Each entry is to be reproduced verbatim, and images are to be omitted.
========================================================================
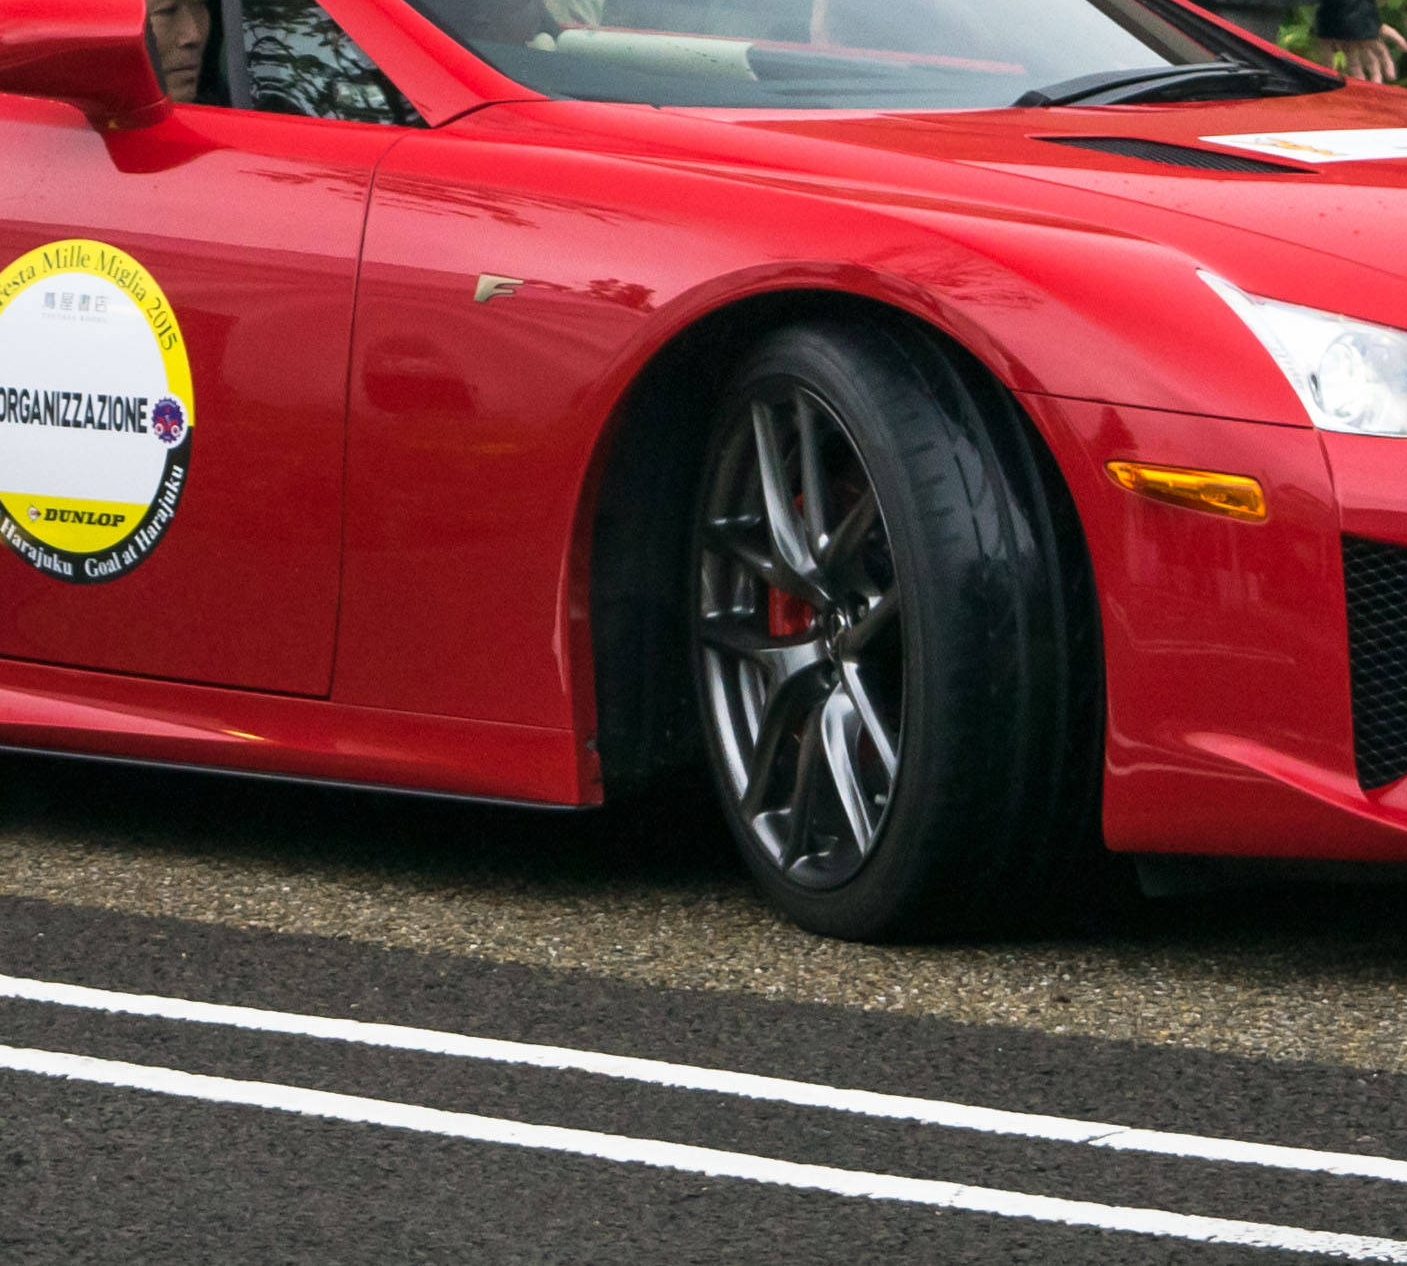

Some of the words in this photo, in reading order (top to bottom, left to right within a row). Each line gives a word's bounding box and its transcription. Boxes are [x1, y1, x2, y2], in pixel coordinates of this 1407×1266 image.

[42, 245, 91, 273] Mille
[94, 250, 148, 302] Miglia
[146, 297, 178, 351] 2015
[0, 519, 74, 577] Harajuku
[43, 507, 126, 527] DUNLOP
[84, 557, 124, 578] Goal
[121, 546, 139, 567] at
[134, 464, 184, 552] Harajuku
========================================================================
● **Task output**
Some of the words in this photo, in reading order (top to bottom, left to right within a row). Each line gives a word's bounding box and its transcription. Boxes are [x1, y1, x2, y2], in pixel coordinates of this 1407×1266 image.

[42, 245, 91, 273] Mille
[94, 250, 148, 302] Miglia
[146, 297, 178, 351] 2015
[0, 519, 74, 577] Harajuku
[43, 507, 126, 527] DUNLOP
[84, 557, 124, 578] Goal
[121, 546, 139, 567] at
[134, 464, 184, 552] Harajuku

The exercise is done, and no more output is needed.